I have never been a fan of change. I think most people are this way. Most people, to a certain extent, are okay with things staying the way that they are. Most people, of which I am foremost, hate change. I get in a routine and I want to stay in that routine. Any change that may upset that routine, whether it be good or bad, is not welcome.

Unfortunately for me, change is inevitable. And usually it ends up being a good thing because I see what God is doing through it but at first, it flat out sucks. There has been a lot of change happening recently. I feel like the way it always goes is, as one thing changes, more and more things start to change. Or at least I become more adept to seeing those changes. I even saw change in the cups that Potbelly uses today and reacted slightly.

I think the thing about change that I have always hated is that, most of the time, it means goodbyes. I have always found it weird that people can come into your life, impact it, and then leave, sometimes before you even realized what that person taught you.

I am good with people and I am typically good with words but I can never seem to find enough of the right words to properly thank a person for the impact that they have had on my life.

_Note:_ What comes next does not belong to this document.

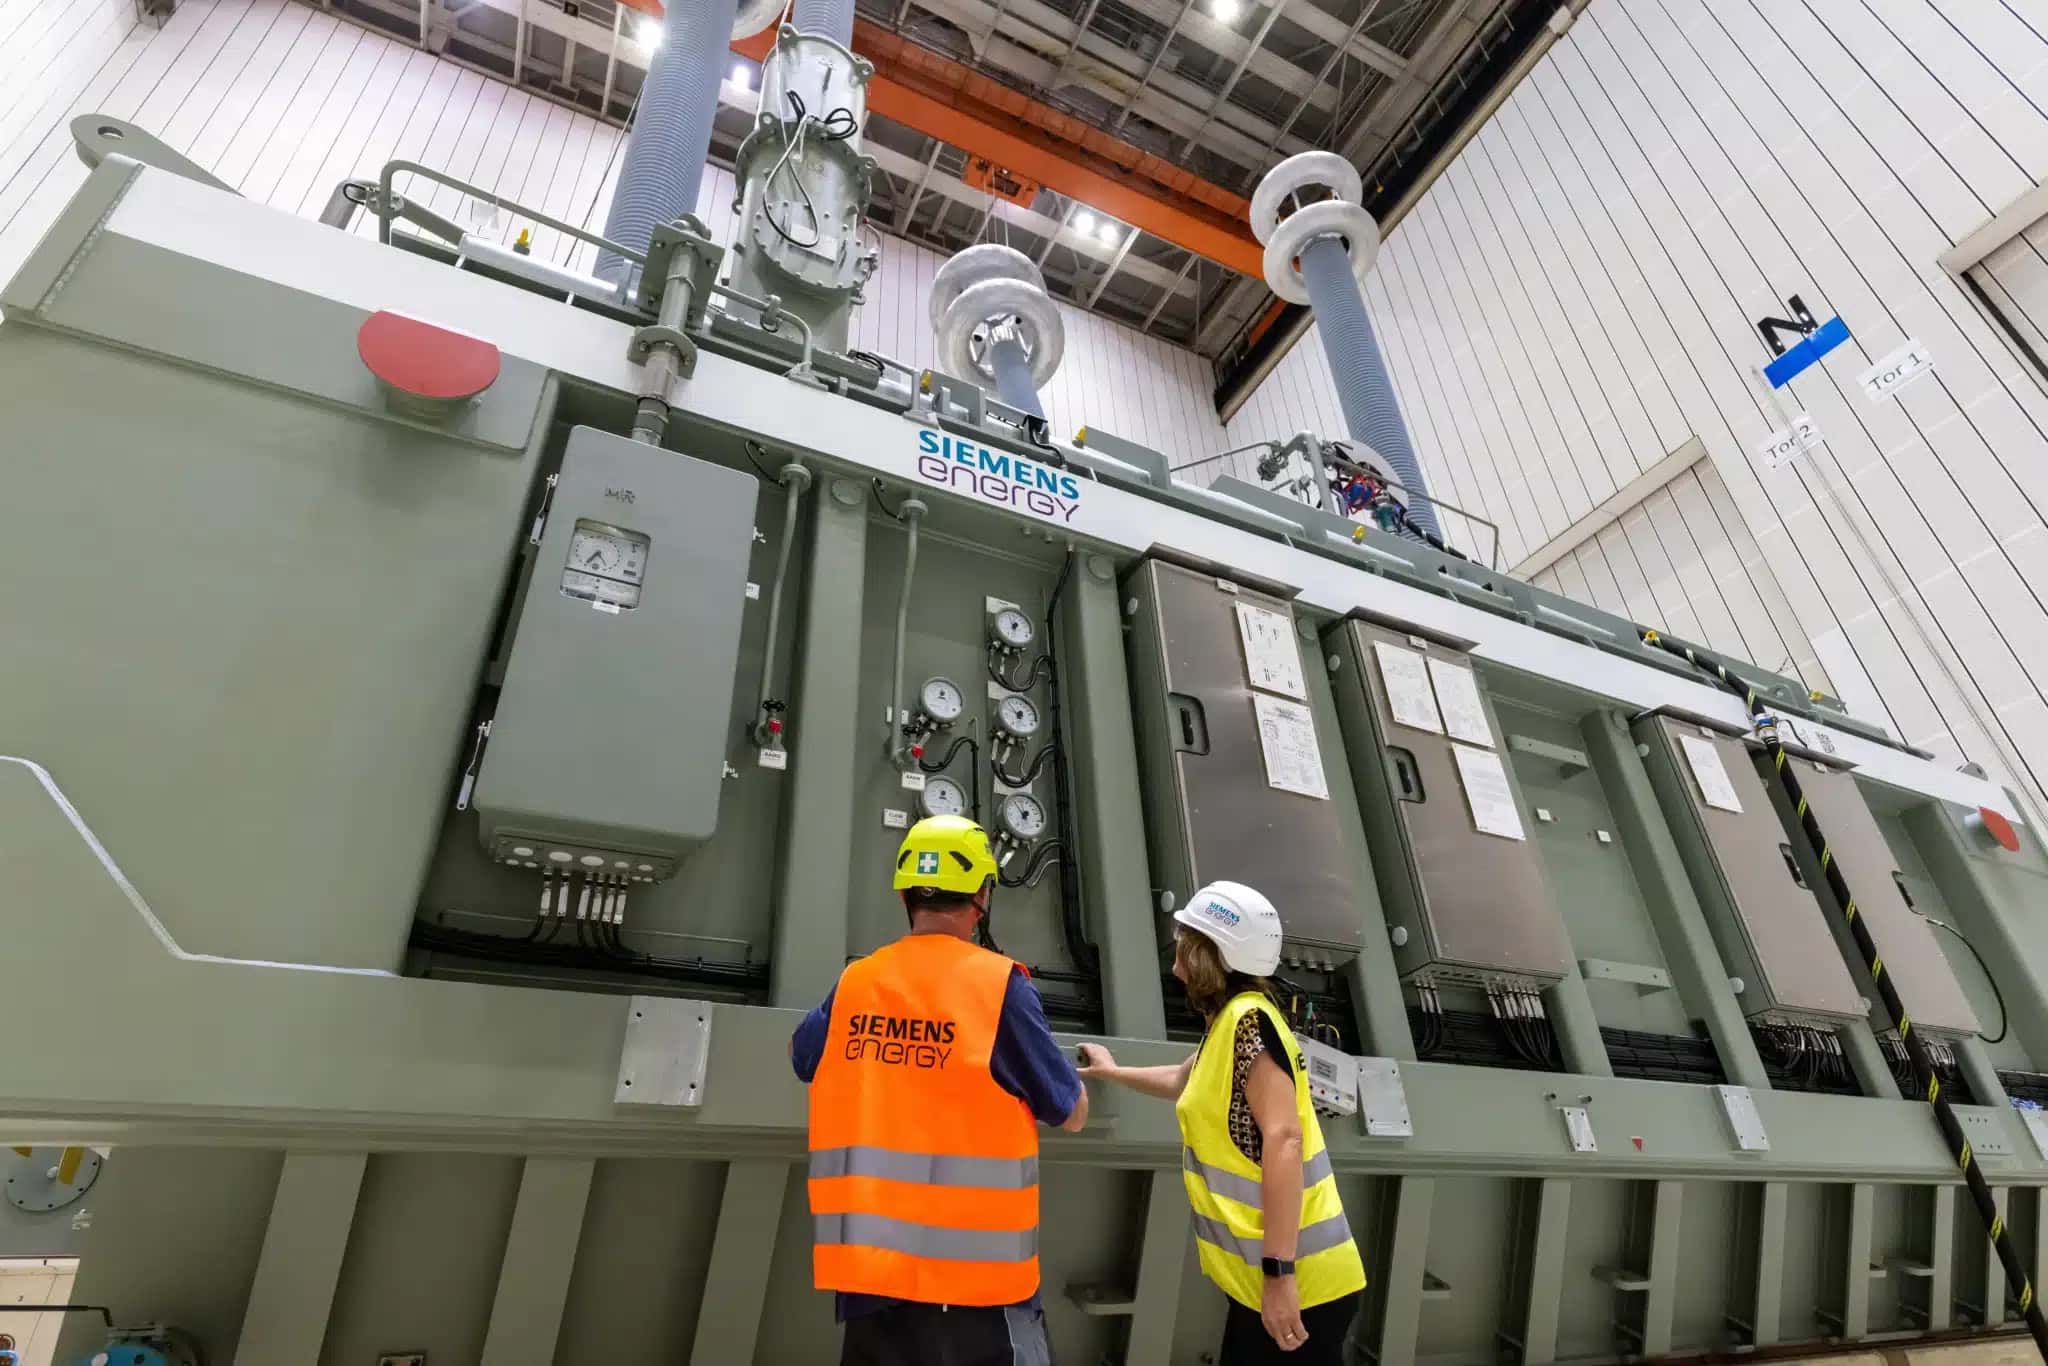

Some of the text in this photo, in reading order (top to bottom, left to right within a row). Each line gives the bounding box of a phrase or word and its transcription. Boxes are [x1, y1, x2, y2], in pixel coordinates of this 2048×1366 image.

Heck, sometimes that person doesn’t even know that they did a thing. I feel like lately, as I go from college to home to summer job at Ozark to Brazil, the rate at which impacting people come in and out of my life is alarmingly fast. I went to orientation and worked first session at Ozark, formed awesome relationships that totally pushed and encouraged me toward the Lord, and then was gone, never to see some of those people again, before I knew it.

I guess all of this goes to say this: In a world that is constantly changing, where people are constantly coming in and out of my life, where sometimes I feel like I don’t have one second to catch my breath before moving onto the next big thing, and where sometimes I make a mistake before even realizing it is one, I am thankful for a consistent God. I am thankful that my Savior is the same today as he was yesterday and as he will be tomorrow. He loves me the same. He does not waiver. Does not change. Does not leave for a season. It reminds me that He is merely using those relationships to help me to grow. He is using those people only as supporting players but He is desperate to show me that He is the star who maintains throughout the entire show.

I am thankful for at least one constant in this world: A God who loves me more than I can fathom.